Fate v. Free Will in Romeo + Juliet (Plus, Changing The Ending?)

While cruising through Yahoo! Answers today I saw that somebody had asked about the theme of destiny in Romeo and Juliet.  Then something hit me.  It’s easy to point to the “star-crossed lovers” right in the prologue, and later Romeo, who is Fortune’s fool, defies to stars, etc etc etc.

But here’s the thing, I’ve also always thought of the play as a lesson to the parents about not being so stubborn in your ancient grudges and your own problems that you don’t realize what you’re about to lose. 

At the end of the play, the prince gives his great “All are punished” speech and the two families shake hands and build statues.  I don’t know about you, but I’m definitely left with a feeling of, “See how stupid you’ve been? If only you’d changed your ways and seen what was happening, this all could have been prevented.”

And there’s the problem.  Which is it?  Is Shakespeare giving us a story where we’re supposed to come away thinking that this tragedy could have been prevented?  Or that it was Fate, and that these kids were going to end up dead no matter what happened?

I’d never really thought of this before, but has anybody ever done an ending to this play where the Prince still gets to give his speech, but rather than the statue building stuff, the two families turn their backs on each other and the grudge continues?  I think that would be genius.  Depressing, but genius.  Then you’ve got the more helpless feeling that no, these kids never had a chance, the feud is never going to end even in the face of such overwhelming tragedy.

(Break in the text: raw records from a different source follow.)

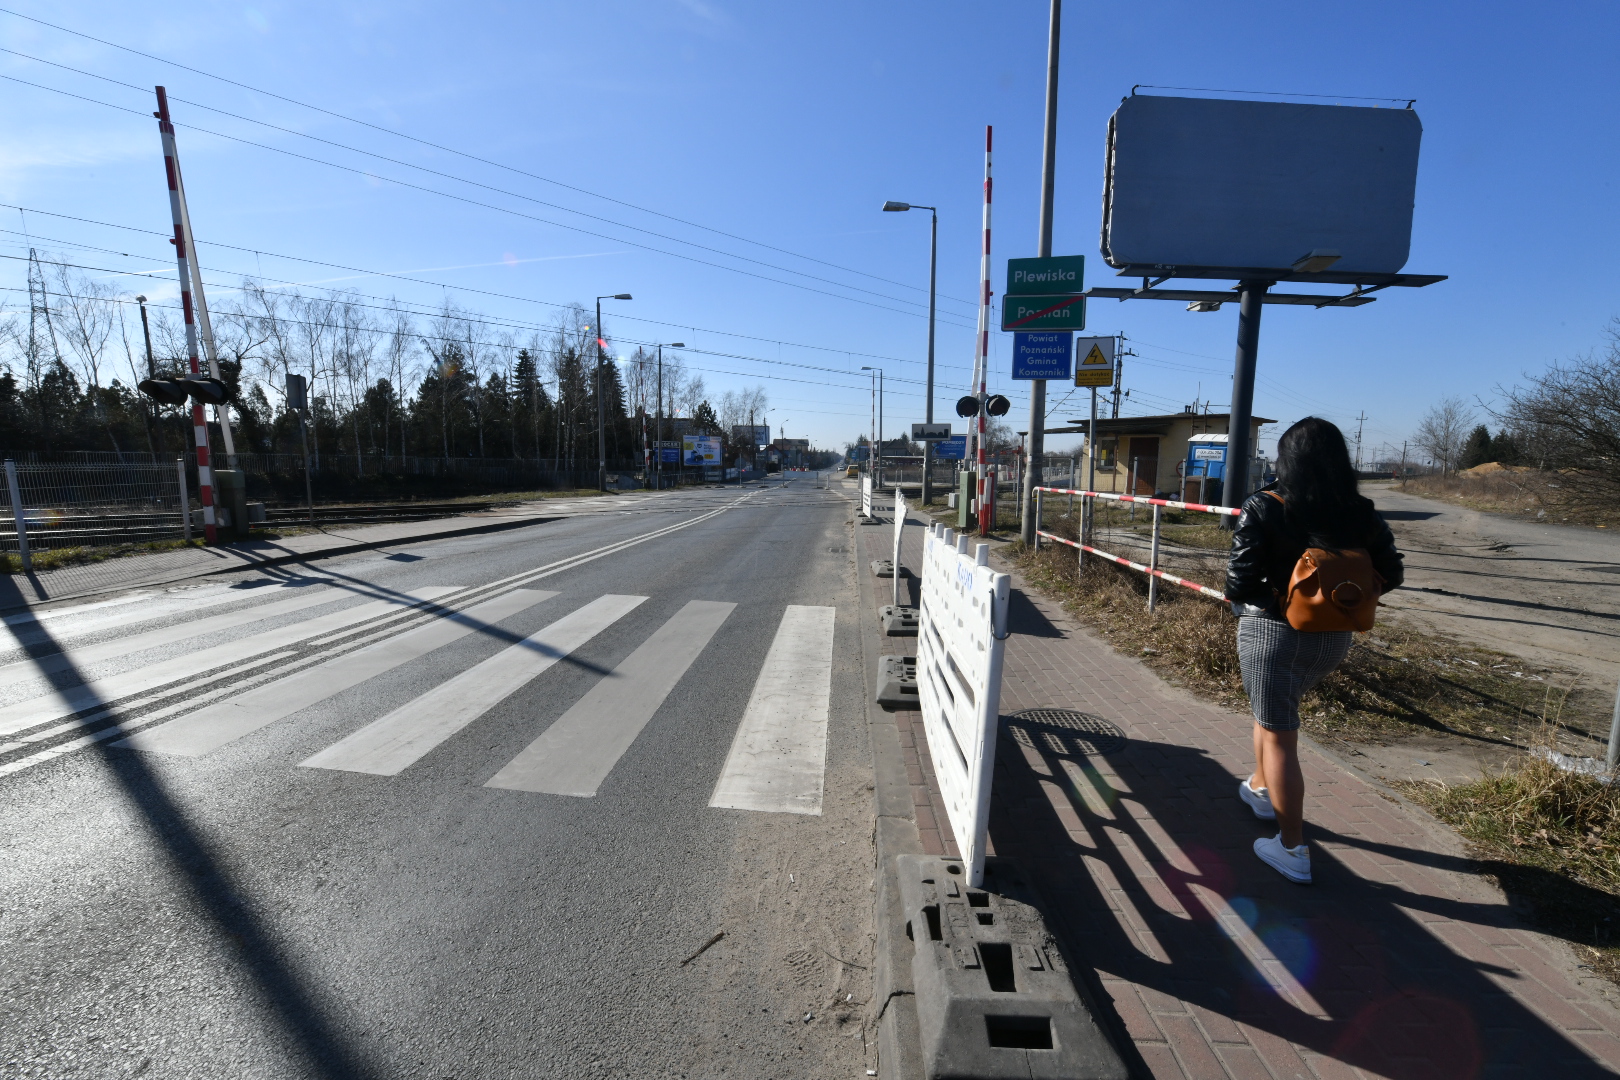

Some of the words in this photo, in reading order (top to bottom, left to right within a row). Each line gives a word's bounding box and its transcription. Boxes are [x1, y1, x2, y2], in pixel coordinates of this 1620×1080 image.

[1014, 269, 1076, 283] Plewiska
[1028, 334, 1058, 342] Powiat
[1020, 345, 1065, 354] Poznański
[1027, 357, 1057, 365] Gmina
[1018, 368, 1065, 376] Komorniki

4 thoughts on “Fate v. Free Will in Romeo + Juliet (Plus, Changing The Ending?)

  1. I did precisely that in the version I directed in undergrad! I thought the reconciliation felt disingenuine and tremendously unlikely. We went straight from "all are punish'd" to "A glooming peace". I think in part it suited our production well in particular because I'd chosen to up the ante on the violence throughout. There were a few times where, to cover a costume change, I'd inserted short dialogue-free fight scenes between Capulets and Montagues. (I also had Lady Capulet execute Benvolio to explain that character's post-3.1 disappearance). It really reinforced the idea of a cycle of retribution and blood feuding — So capping it off with a handshake would've felt really strange. Leaving it as utter destruction worked. I would certainly never argue that's the "right" choice or one Shakespeare intended, and I don't know if it's a choice I'd make post-grad-school or not, but it was an interesting exploration.

  2. I've always seen it as Shakespeare being almost sarcastic.

    In the beginning, "Oooh, it's Fate, it's Destiny…"

    In the end, "We all saw what happened and can see plainly that it didn't have to happen. Everyone is distraught so let's try to make one decent thing come of the pointless tragedies that have hit both sides so hard."

  3. My eyes were opened once to the statues lines – that even though they're making these grand promises and shaking hands they're STILL trying to outdo each other. (I'll raise a statue in his honor. Oh yeah? I'll make one of her out of PURE GOLD! OH YEAH?! MINE WILL BE JUST AS GOOD IF NOT BETTER!!) So there's no peace – just a handshake in front of a Prince and a return to hating each other, just more quietly.

    At least it's one way to read it.

    As far as fate, I don't know. There were a LOT of things that COULD have happened to change the outcome – forgiveness, communication, kindness, etc – but NONE of them happened, so these kids ended up dead. If that much goes wrong, wasn't it fate in some way that it would have ended that way no matter what?

  4. I don't think changing the ending is a necessary step for the audience to recognize the ultimate message; a message which bleeds through no matter what we might think about its ultimate efficacy concerning the attitude of Montagues and Capulets. They didn't learn anything in time enough to avert tragedy, and may *never* learn; but we might.
    –I think Shakespeare's message is directed toward *us* more than it is toward them.

    As far as Fate–therein lies the tragedy. Two "star-crossed" lovers who happened to find their brief, but bright, stellar flames extinguished by tragic circumstance, no matter the particulars of that circumstance. Yes, I think it was destined to happen under the circumstances Fate dictated to them. The answer to the mystery of *why* also lies in the stars. And that is also a message for us to ponder and possibly learn from, though the ultimate *answer* is always fleeting and out of reach.